** Opening Provided entries block **
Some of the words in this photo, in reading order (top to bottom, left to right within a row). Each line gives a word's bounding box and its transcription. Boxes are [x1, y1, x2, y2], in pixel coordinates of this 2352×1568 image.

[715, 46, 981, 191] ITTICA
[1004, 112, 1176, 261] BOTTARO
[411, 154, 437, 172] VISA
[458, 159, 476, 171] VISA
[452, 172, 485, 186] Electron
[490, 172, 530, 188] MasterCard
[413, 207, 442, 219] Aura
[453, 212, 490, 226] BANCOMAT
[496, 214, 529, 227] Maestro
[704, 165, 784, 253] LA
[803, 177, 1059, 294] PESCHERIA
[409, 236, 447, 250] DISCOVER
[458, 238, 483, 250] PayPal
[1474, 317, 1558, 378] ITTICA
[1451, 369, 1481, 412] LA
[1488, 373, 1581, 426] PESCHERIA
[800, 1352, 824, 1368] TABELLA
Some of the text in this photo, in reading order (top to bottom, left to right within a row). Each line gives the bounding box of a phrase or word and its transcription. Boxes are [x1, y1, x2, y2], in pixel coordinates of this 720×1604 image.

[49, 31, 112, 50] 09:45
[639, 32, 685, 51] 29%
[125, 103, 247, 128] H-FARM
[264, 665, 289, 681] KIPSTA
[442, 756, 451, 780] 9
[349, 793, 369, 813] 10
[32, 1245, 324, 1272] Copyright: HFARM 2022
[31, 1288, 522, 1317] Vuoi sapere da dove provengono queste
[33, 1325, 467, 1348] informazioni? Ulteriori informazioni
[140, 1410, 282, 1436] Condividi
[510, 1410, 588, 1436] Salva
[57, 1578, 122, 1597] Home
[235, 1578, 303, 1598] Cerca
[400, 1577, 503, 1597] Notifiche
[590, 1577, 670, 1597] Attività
** Closing Provided entries block **
What you will do =
Copy out every entry exactly.

Written answer =
Some of the words in this photo, in reading order (top to bottom, left to right within a row). Each line gives a word's bounding box and its transcription. Boxes are [x1, y1, x2, y2], in pixel coordinates of this 2352×1568 image.

[715, 46, 981, 191] ITTICA
[1004, 112, 1176, 261] BOTTARO
[411, 154, 437, 172] VISA
[458, 159, 476, 171] VISA
[452, 172, 485, 186] Electron
[490, 172, 530, 188] MasterCard
[413, 207, 442, 219] Aura
[453, 212, 490, 226] BANCOMAT
[496, 214, 529, 227] Maestro
[704, 165, 784, 253] LA
[803, 177, 1059, 294] PESCHERIA
[409, 236, 447, 250] DISCOVER
[458, 238, 483, 250] PayPal
[1474, 317, 1558, 378] ITTICA
[1451, 369, 1481, 412] LA
[1488, 373, 1581, 426] PESCHERIA
[800, 1352, 824, 1368] TABELLA
Some of the text in this photo, in reading order (top to bottom, left to right within a row). Each line gives the bounding box of a phrase or word and its transcription. Boxes are [x1, y1, x2, y2], in pixel coordinates of this 720×1604 image.

[49, 31, 112, 50] 09:45
[639, 32, 685, 51] 29%
[125, 103, 247, 128] H-FARM
[264, 665, 289, 681] KIPSTA
[442, 756, 451, 780] 9
[349, 793, 369, 813] 10
[32, 1245, 324, 1272] Copyright: HFARM 2022
[31, 1288, 522, 1317] Vuoi sapere da dove provengono queste
[33, 1325, 467, 1348] informazioni? Ulteriori informazioni
[140, 1410, 282, 1436] Condividi
[510, 1410, 588, 1436] Salva
[57, 1578, 122, 1597] Home
[235, 1578, 303, 1598] Cerca
[400, 1577, 503, 1597] Notifiche
[590, 1577, 670, 1597] Attività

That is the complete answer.